**YOUR OBJECTIVE:** How many lines in these records hold the string "KEEP"? Reply with the number alone.

**DATA FOR PROCESSING:**
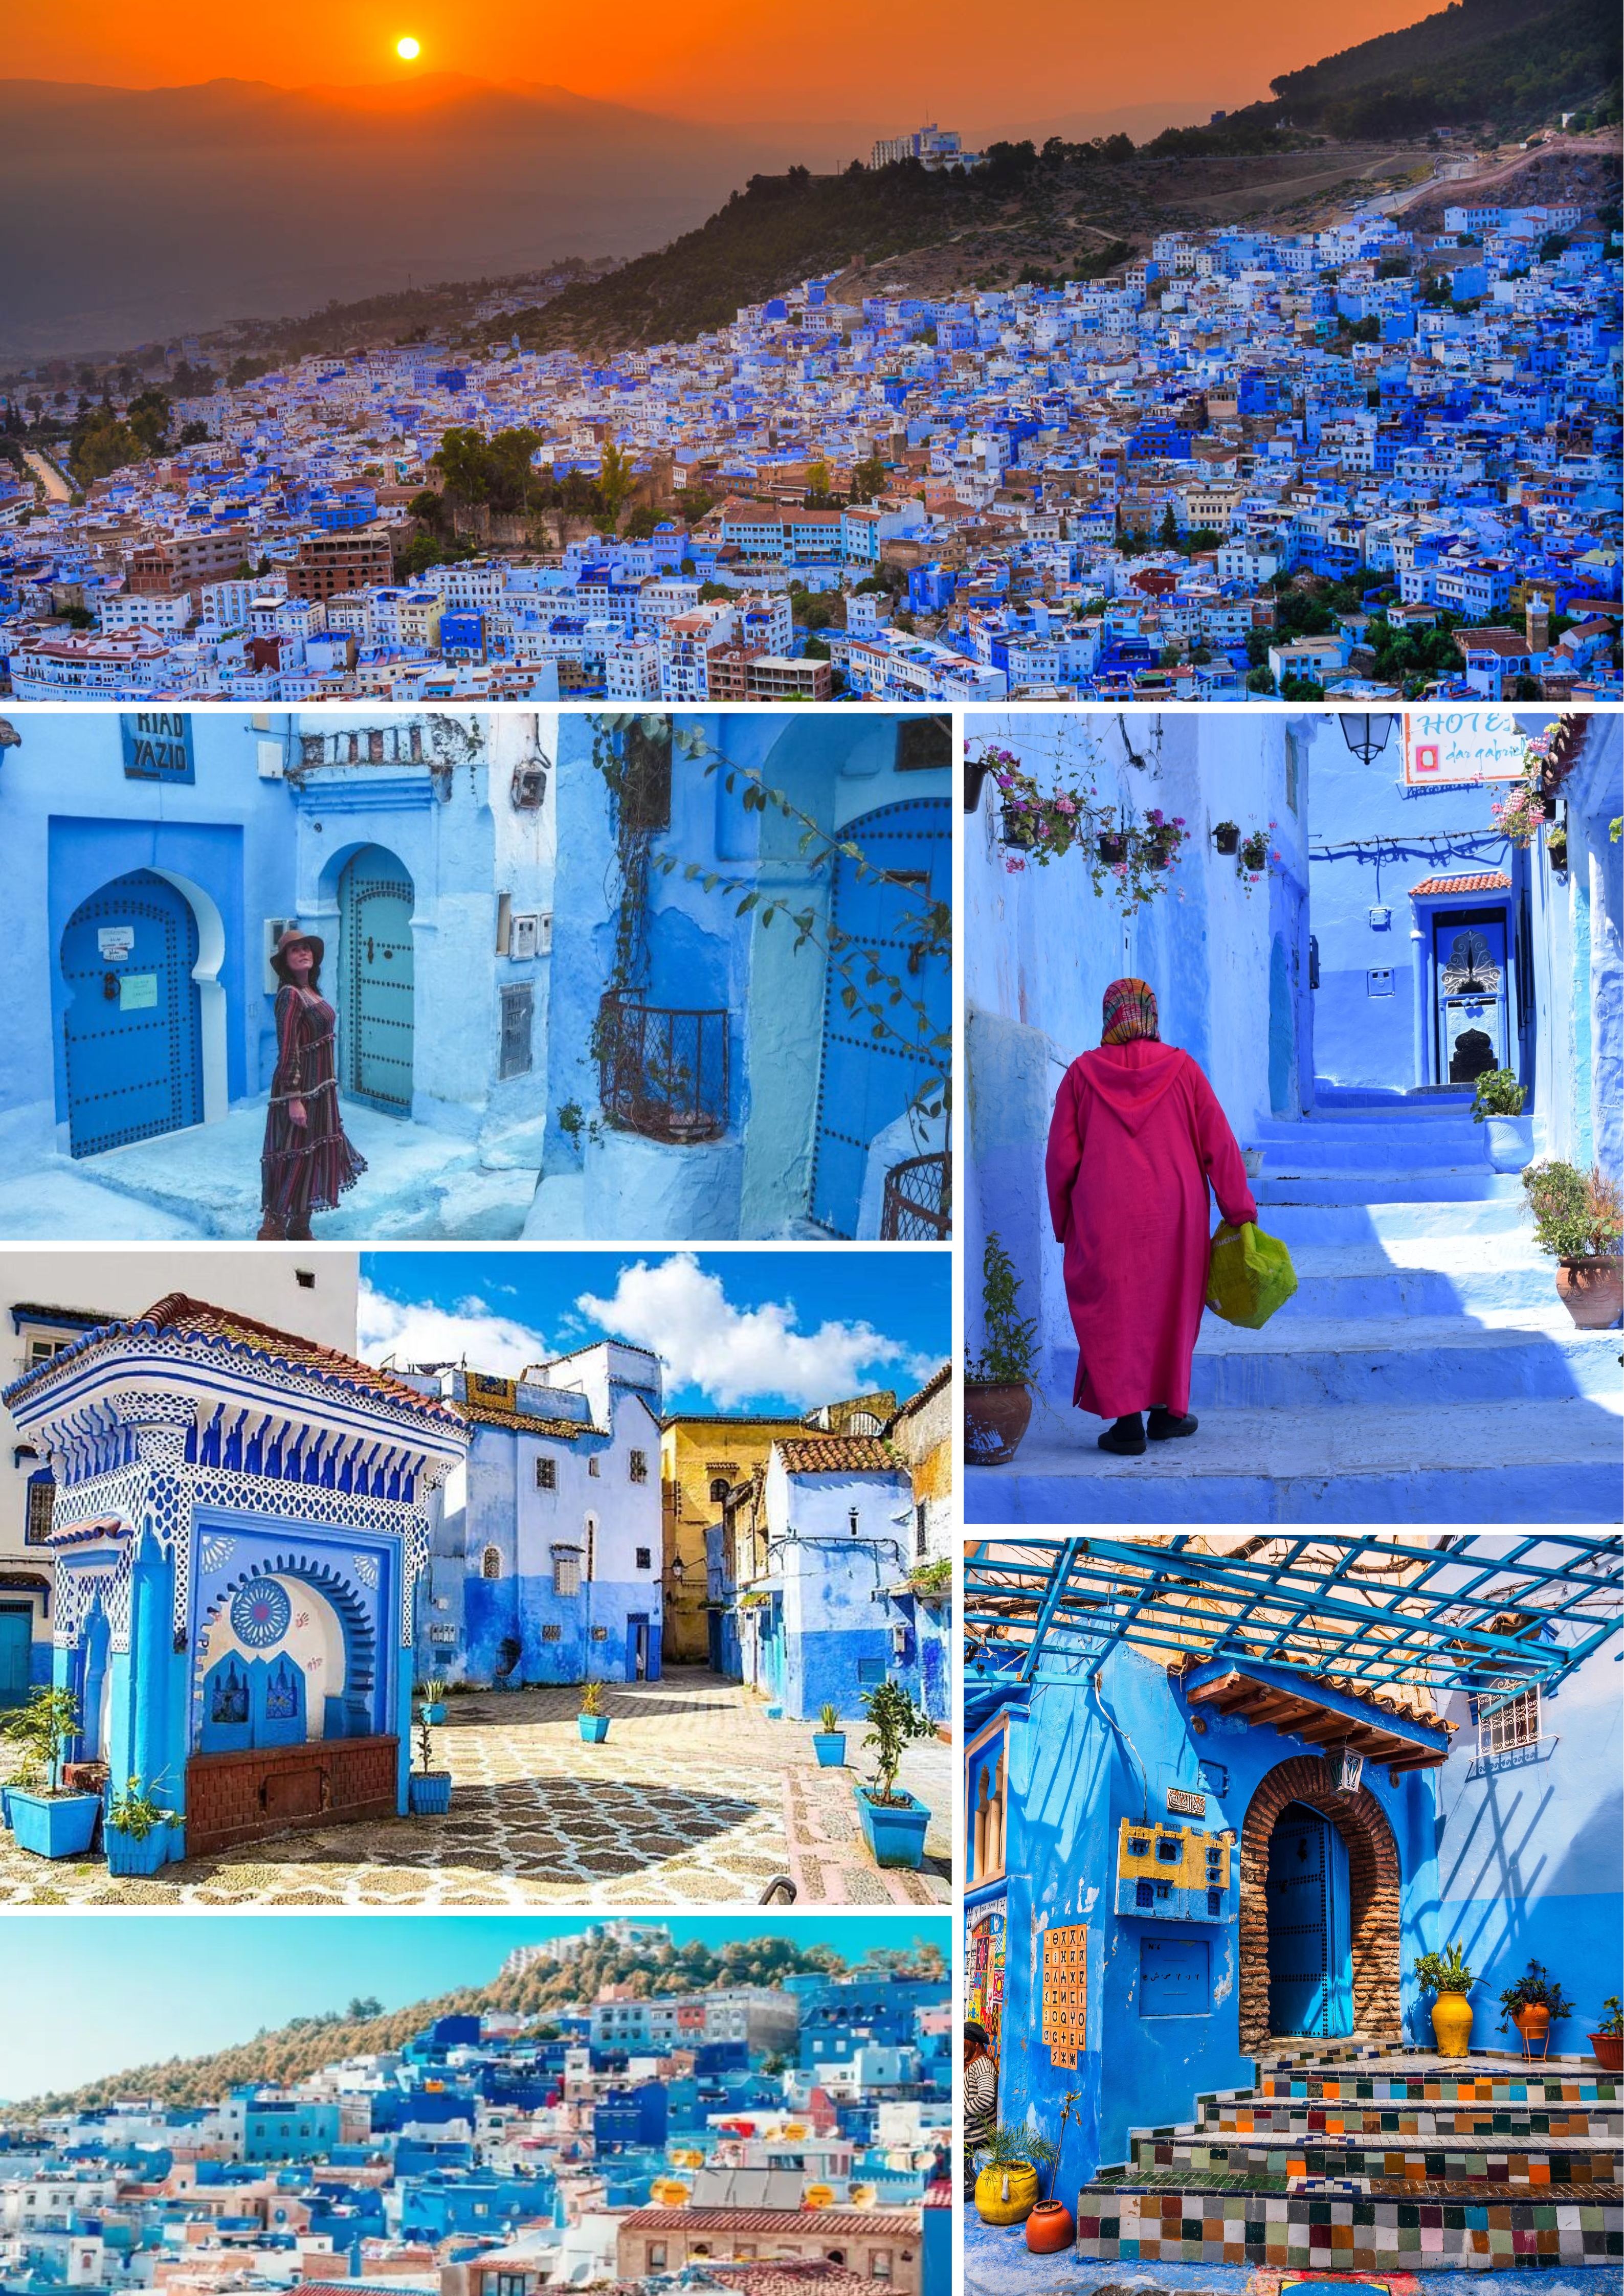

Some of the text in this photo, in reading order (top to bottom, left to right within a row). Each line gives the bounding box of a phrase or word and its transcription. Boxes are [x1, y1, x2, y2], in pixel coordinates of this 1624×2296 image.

[138, 713, 184, 737] RIAD
[133, 738, 187, 770] YAZID
[1446, 740, 1471, 763] dar
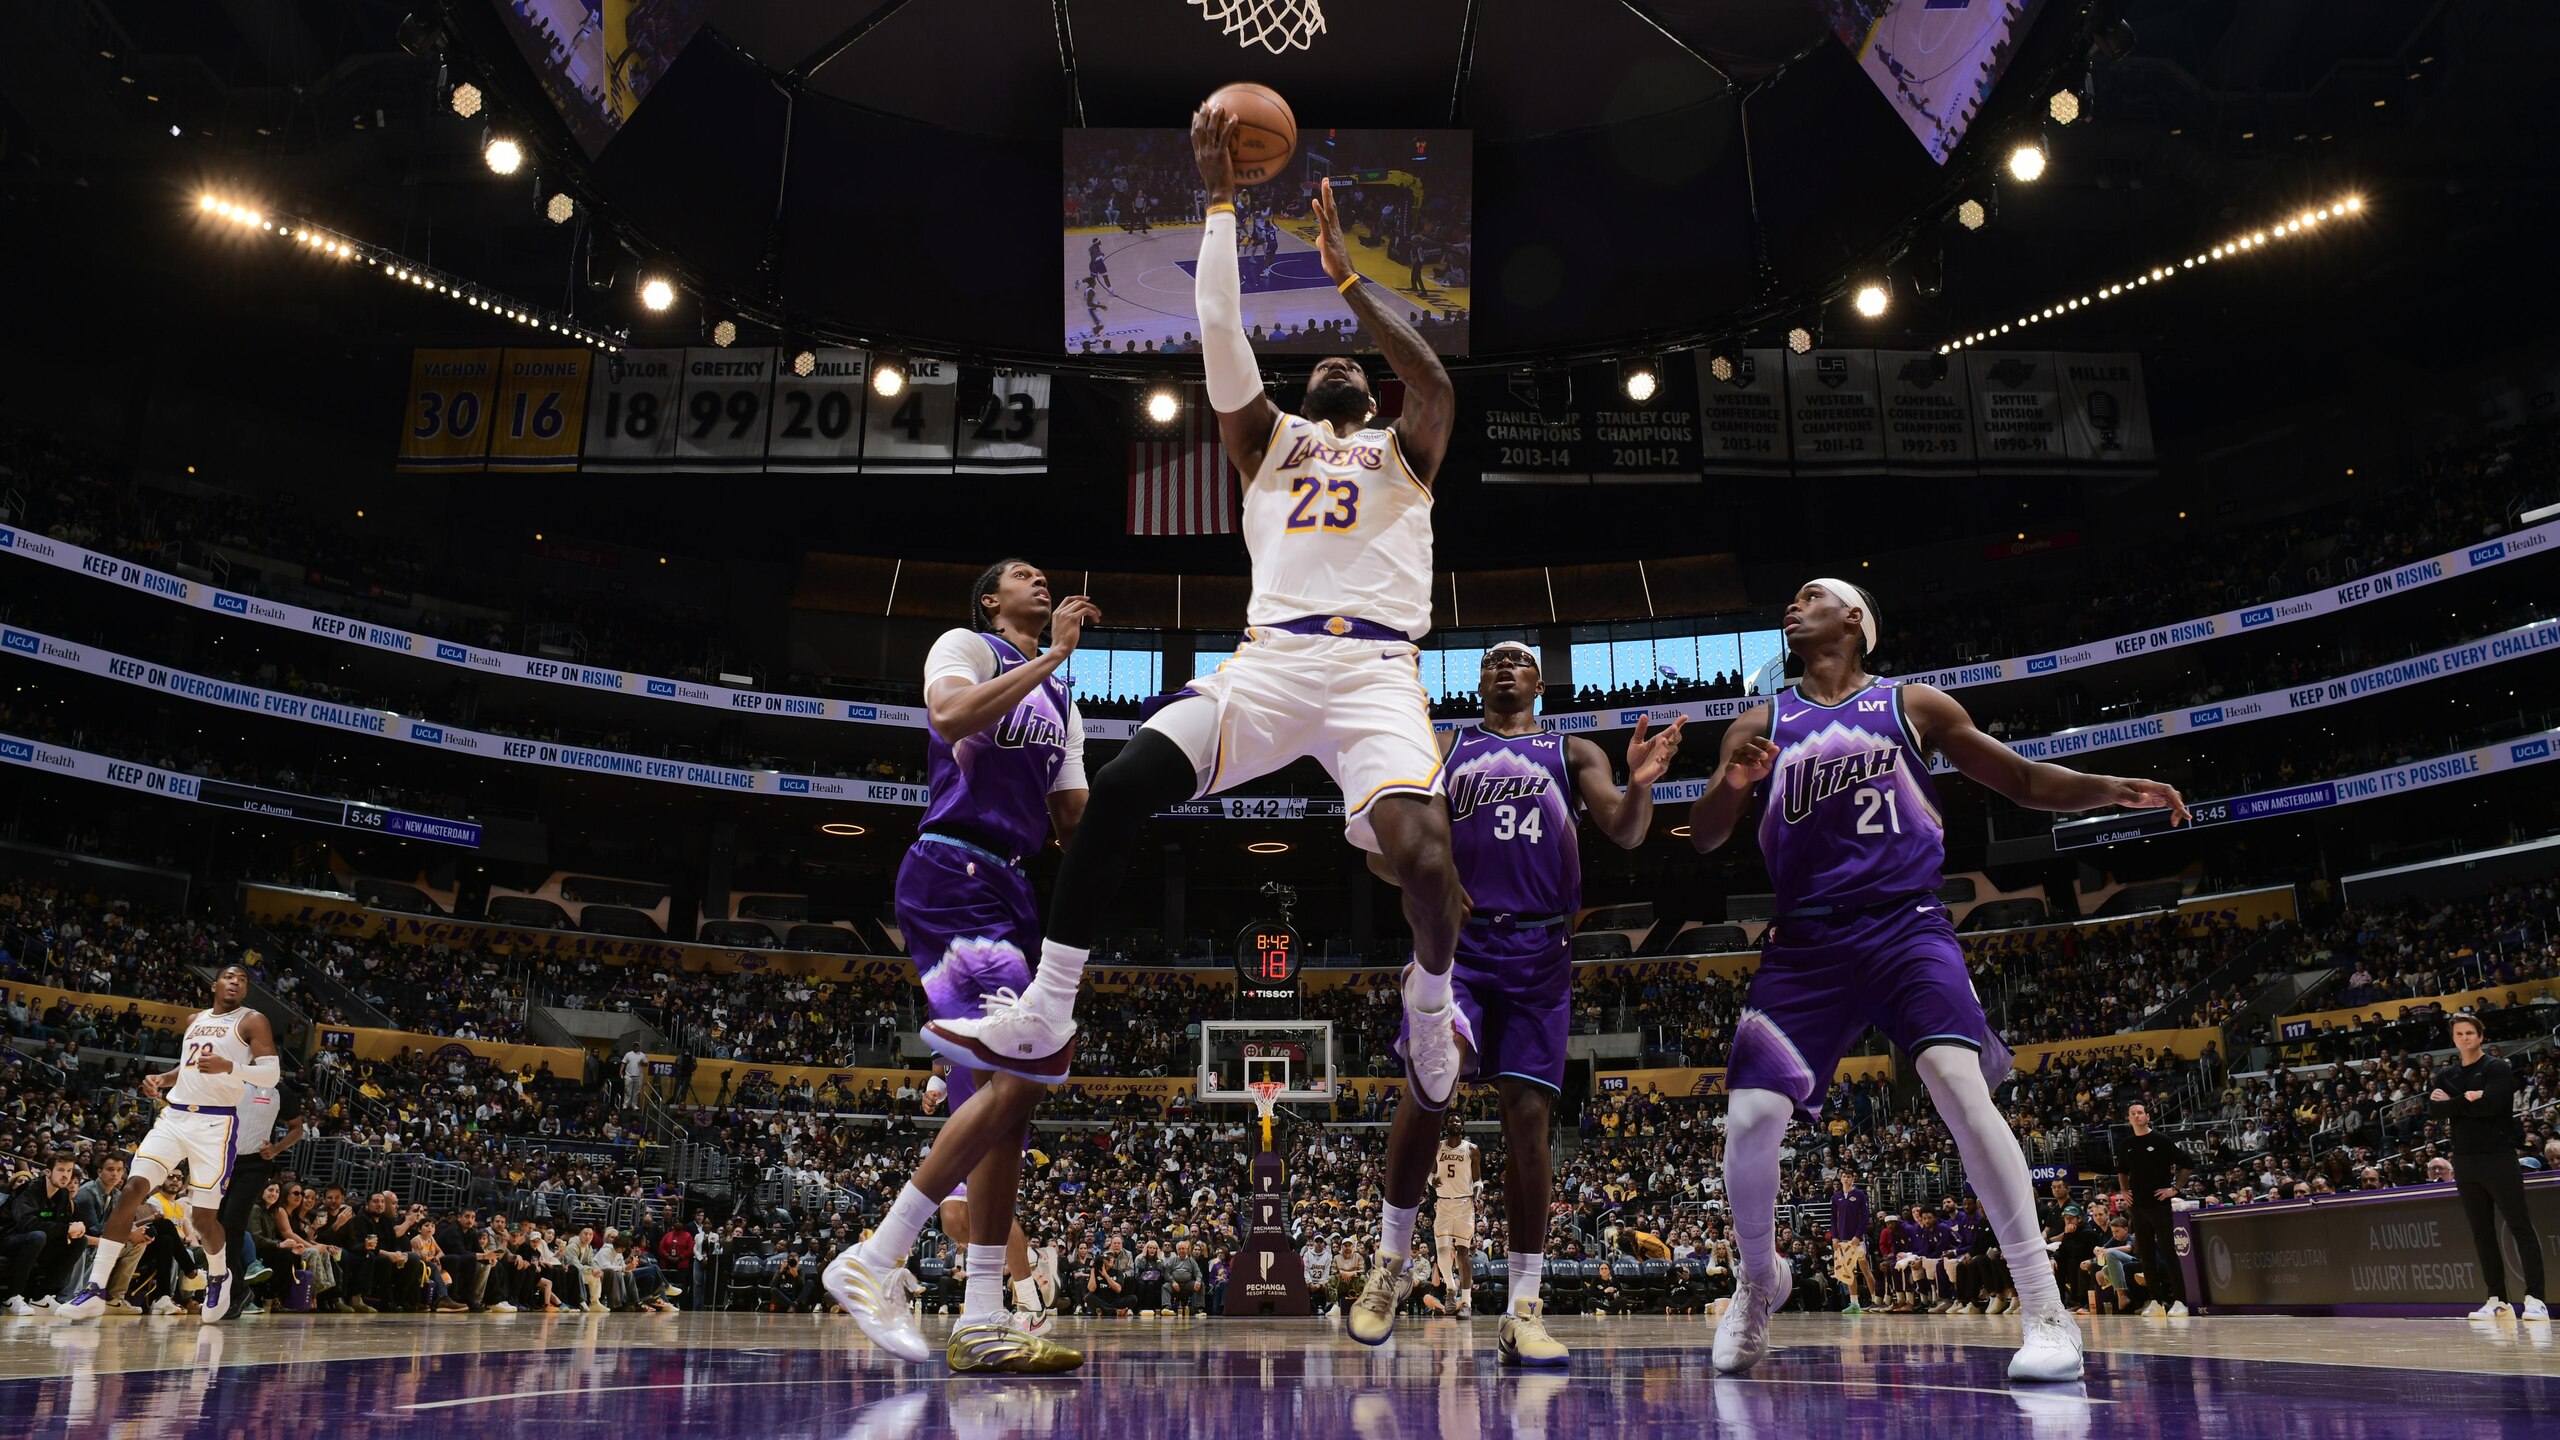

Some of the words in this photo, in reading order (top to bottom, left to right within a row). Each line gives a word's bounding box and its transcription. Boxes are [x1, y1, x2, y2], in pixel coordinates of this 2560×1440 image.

[424, 363, 488, 376] VACHON
[513, 363, 577, 376] DIONNE
[691, 360, 765, 376] GRETZKY
[1817, 358, 1846, 370] LA
[2070, 366, 2130, 382] MILLER
[1712, 394, 1770, 406] WESTERN
[1806, 394, 1864, 406] WESTERN
[1894, 394, 1955, 406] CAMPBELL
[1992, 394, 2038, 406] SMYTHE
[413, 391, 480, 439] 30
[511, 392, 564, 439] 16
[605, 391, 657, 438] 18
[689, 391, 760, 439] 99
[780, 390, 852, 439] 20
[891, 392, 924, 440] 4
[972, 393, 1035, 440] 23
[1596, 412, 1659, 425] STANLEY
[1662, 412, 1691, 425] CUP
[1706, 408, 1780, 421] CONFERENCE
[1797, 408, 1876, 420] CONFERENCE
[1888, 408, 1965, 420] CONFERENCE
[1990, 408, 2044, 420] DIVISION
[1486, 425, 1582, 442] CHAMPIONS
[1711, 420, 1778, 434] CHAMPIONS
[1802, 420, 1873, 434] CHAMPIONS
[1893, 421, 1962, 434] CHAMPIONS
[1984, 420, 2054, 432] CHAMPIONS
[1596, 427, 1692, 442] CHAMPIONS
[1721, 437, 1770, 452] 2013-14
[1814, 438, 1864, 452] 2011-12
[1902, 438, 1957, 452] 1992-93
[1277, 436, 1383, 471] LAKERS
[1500, 447, 1571, 466] 2013-14
[1612, 449, 1680, 466] 2011-12
[1286, 475, 1360, 534] 23
[16, 537, 55, 558] Health
[2506, 534, 2546, 553] Health
[83, 554, 118, 577] KEEP
[122, 566, 141, 585] ON
[143, 573, 188, 599] RISING
[2338, 582, 2370, 604] KEEP
[2374, 576, 2393, 594] ON
[2396, 561, 2442, 588] RISING
[218, 596, 244, 612] UCLA
[250, 604, 286, 620] Health
[2276, 602, 2312, 618] Health
[312, 615, 345, 635] KEEP
[349, 624, 366, 641] ON
[370, 628, 412, 650] RISING
[2115, 636, 2146, 656] KEEP
[2150, 631, 2168, 648] ON
[2172, 620, 2215, 642] RISING
[7, 636, 34, 650] UCLA
[42, 642, 80, 662] Health
[468, 652, 501, 668] Health
[2058, 651, 2092, 666] Health
[526, 661, 558, 678] KEEP
[562, 666, 578, 682] ON
[582, 670, 623, 689] RISING
[2289, 687, 2324, 708] KEEP
[2329, 681, 2347, 699] ON
[2351, 658, 2440, 695] OVERCOMING
[2443, 644, 2487, 670] EVERY
[2492, 626, 2560, 658] CHALLEN
[1940, 672, 1957, 686] ON
[1960, 665, 2002, 684] RISING
[109, 658, 144, 680] KEEP
[148, 668, 167, 687] ON
[170, 674, 260, 708] OVERCOMING
[264, 695, 308, 717] EVERY
[310, 704, 386, 732] CHALLENGE
[678, 686, 709, 700] Health
[732, 693, 762, 708] KEEP
[765, 697, 782, 711] ON
[785, 699, 825, 715] RISING
[1705, 702, 1736, 717] KEEP
[1858, 700, 1888, 712] LVT
[2225, 703, 2262, 718] Health
[879, 710, 910, 722] Health
[1541, 719, 1556, 730] ON
[1560, 715, 1598, 730] RISING
[444, 734, 478, 748] Health
[1532, 738, 1556, 750] LVT
[2050, 733, 2090, 754] EVERY
[2092, 719, 2164, 746] CHALLENGE
[36, 750, 75, 768] Health
[2516, 744, 2545, 758] UCLA
[504, 741, 536, 758] KEEP
[540, 746, 558, 762] ON
[561, 750, 642, 774] OVERCOMING
[646, 762, 684, 780] EVERY
[687, 766, 755, 789] CHALLENGE
[107, 763, 143, 785] KEEP
[146, 772, 166, 790] ON
[2336, 777, 2378, 800] EVING
[2381, 771, 2407, 791] IT'S
[2410, 754, 2480, 784] POSSIBLE
[811, 782, 844, 794] Health
[868, 785, 898, 800] KEEP
[901, 787, 918, 802] ON
[1782, 746, 1902, 825] UTAH
[1452, 770, 1554, 822] UTAH
[2250, 798, 2270, 813] NEW
[2270, 790, 2324, 810] AMSTERDAM
[244, 800, 258, 811] UC
[260, 802, 293, 817] Alumni
[1170, 803, 1210, 814] Lakers
[1232, 800, 1280, 818] 8:42
[1289, 804, 1306, 818] 1st
[1854, 788, 1902, 835] 21
[2196, 806, 2227, 822] 5:45
[350, 810, 382, 827] 5:45
[1494, 804, 1542, 844] 34
[404, 820, 422, 833] NEW
[422, 822, 470, 842] AMSTERDAM
[2096, 832, 2110, 842] UC
[2111, 828, 2141, 840] Alumni
[294, 906, 368, 928] LOS
[371, 916, 536, 950] ANGELES
[544, 936, 684, 962] LAKERS
[1256, 934, 1290, 950] 8:42
[840, 960, 906, 976] LOS
[1262, 950, 1286, 978] 18
[1256, 990, 1294, 999] TISSOT
[186, 1025, 229, 1040] LAKERS
[2286, 1023, 2306, 1038] 117
[2059, 1048, 2086, 1058] LOS
[653, 1063, 673, 1075] 115
[1117, 1084, 1168, 1092] ANGELES
[1603, 1078, 1624, 1090] 116
[1440, 1152, 1464, 1162] LAKERS
[1447, 1165, 1456, 1178] 5
[2369, 1226, 2381, 1250] A
[2382, 1221, 2442, 1250] UNIQUE
[2234, 1252, 2252, 1269] THE
[2254, 1249, 2328, 1268] COSMOPOLITAN
[1312, 1270, 1322, 1278] 23
[2350, 1264, 2407, 1292] LUXURY
[2410, 1262, 2475, 1290] RESORT

**SOLUTION BELOW:** 12